Rund 40 Mio. t Aushubmaterialien fallen in Österreich pro Jahr an – das sind rund 60 % des gesamten Abfallaufkommens (Abb. 1). Davon wurden 2021 ca. 26 Mio t deponiert (Abb. 2).
Mit der Deponierung des Aushubs gehen oft lange Transporte einher, die wiederum zur Erhöhung der CO2- und Lärmemissionen führen. Die bei der Herstellung von Bauprodukten benötigte Energie ('Graue Energie') verursacht teils hohe Treibhausgasemissionen – diese werden als Teil der gesamten Treibhausgasemissionen von Gebäuden zunehmend an Bedeutung gewinnen, da sich die Betriebs-Emissionen in Zukunft reduzieren werden.
Die EU-Kommission hat einen Schwerpunkt des European Green Deal mit dem Circular Economy Action Plan konkretisiert: demnach sollen Richtlinien und Verordnungen wie etwa die Bauproduktverordnung erweitert und die Recyclinganteile in Produkten sowie die sortenreine Nutzung von Bauprodukten erhöht werden, um deren Trennbarkeit und somit Wiedernutzbarkeit zu gewährleisten. Im EU-Rahmenwerk Level(s) wird die Überprüfung des gesamten Lebenszyklus eines Gebäudes – also sowohl Herstellung, Nutzung als auch Rückbau – als Maßnahme empfohlen, bereits in einer frühen Phase der Gebäudeplanung nachhaltige Konstruktionen sichtbar zu machen. All diese Initiativen folgen einem Schritt weg von einer linearen hin zu einer zirkulären Bauwirtschaft, wozu Lehm einen wesentlichen Beitrag leisten kann.

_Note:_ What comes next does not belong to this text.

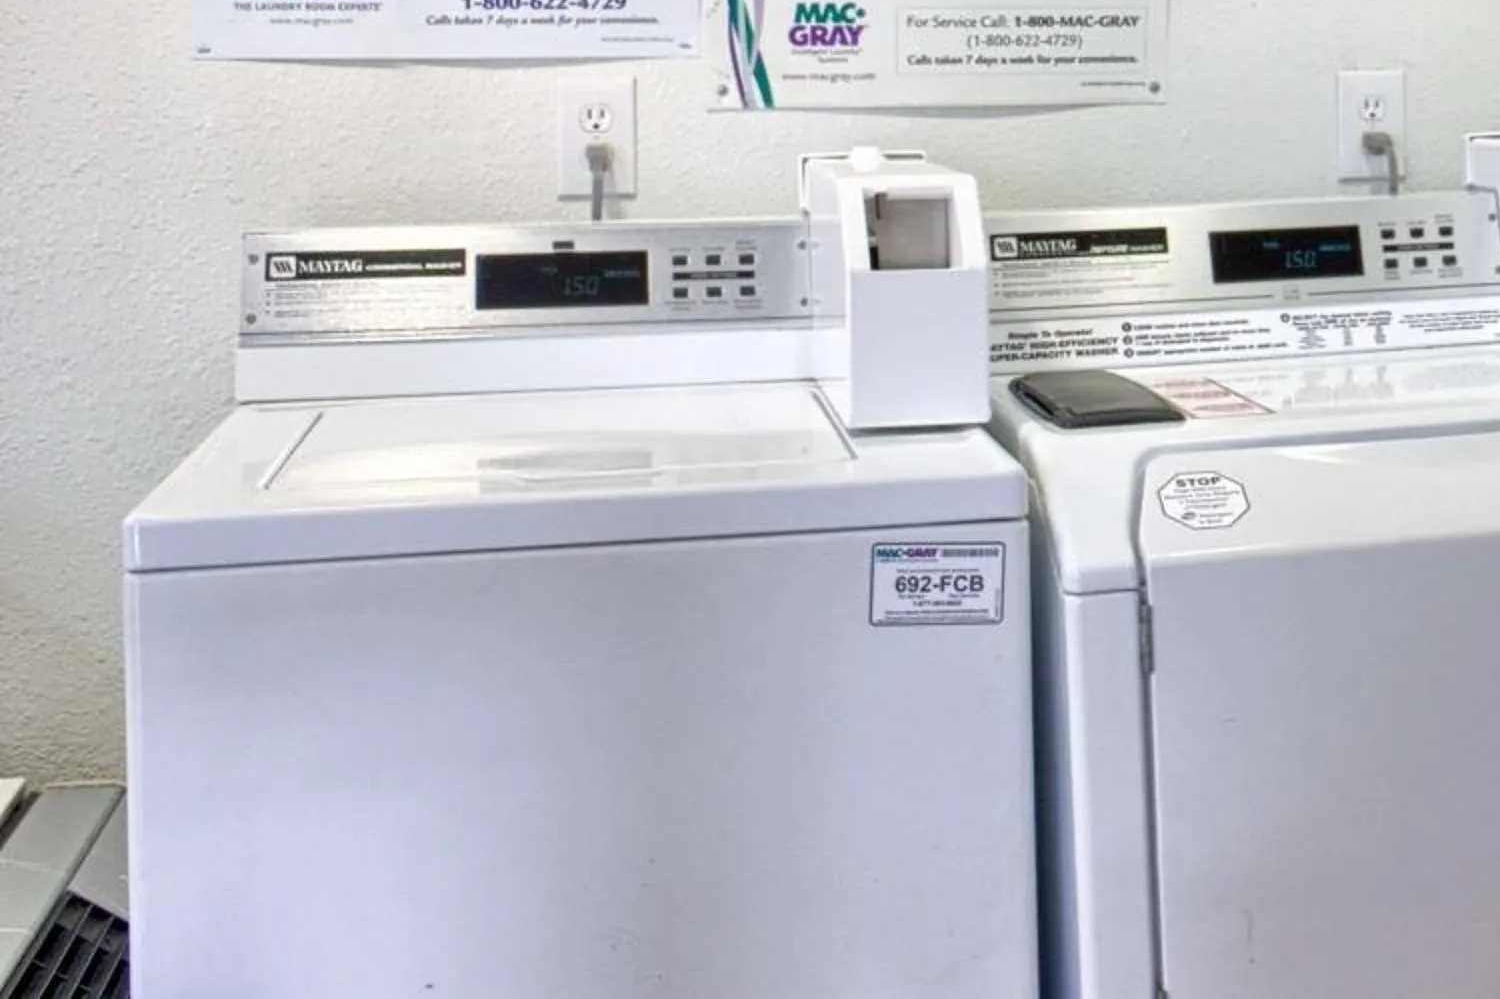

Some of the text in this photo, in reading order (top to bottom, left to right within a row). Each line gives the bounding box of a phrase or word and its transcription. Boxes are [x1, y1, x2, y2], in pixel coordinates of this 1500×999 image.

Die geforderte CO2-Reduktion im Bauwesen und die Forderung nach kreislauffähigen Materialien und Konstruktionen hat zu einer Zunahme des Interesses am Baustoff Lehm geführt. Das IBO bearbeitet aktuell mehrere Forschungsprojekte [2] zum Einsatz von Lehm im Baubereich mit dem Ziel, Skepsis und Vorbehalte gegenüber Lehm auszuräumen. Wesentliches Ziel ist, Grundlagen zu schaffen, die eine breite Anwendung von Lehm im Baubereich unterstützen.
Regulatorische Rahmenbedingungen
Die Anwendung von Lehm in unterschiedlichen Einsatzbereichen erfordert die Beachtung der jeweils entsprechenden normativen Vorgaben. Eine bei Architekt:innen und Baufirmen im Rahmen des Projektes Clay to stay im Jahr 2021 durchgeführte Befragung ergab, dass fehlende gesetzliche und normative Vorgaben bzw. die Unsicherheit von deren Anwendbarkeit Hemmschwellen für die Lehmanwendung sind. Die aktuelle Situation stellt Planer: innen und Anwender:innen vor teils große Herausforderungen.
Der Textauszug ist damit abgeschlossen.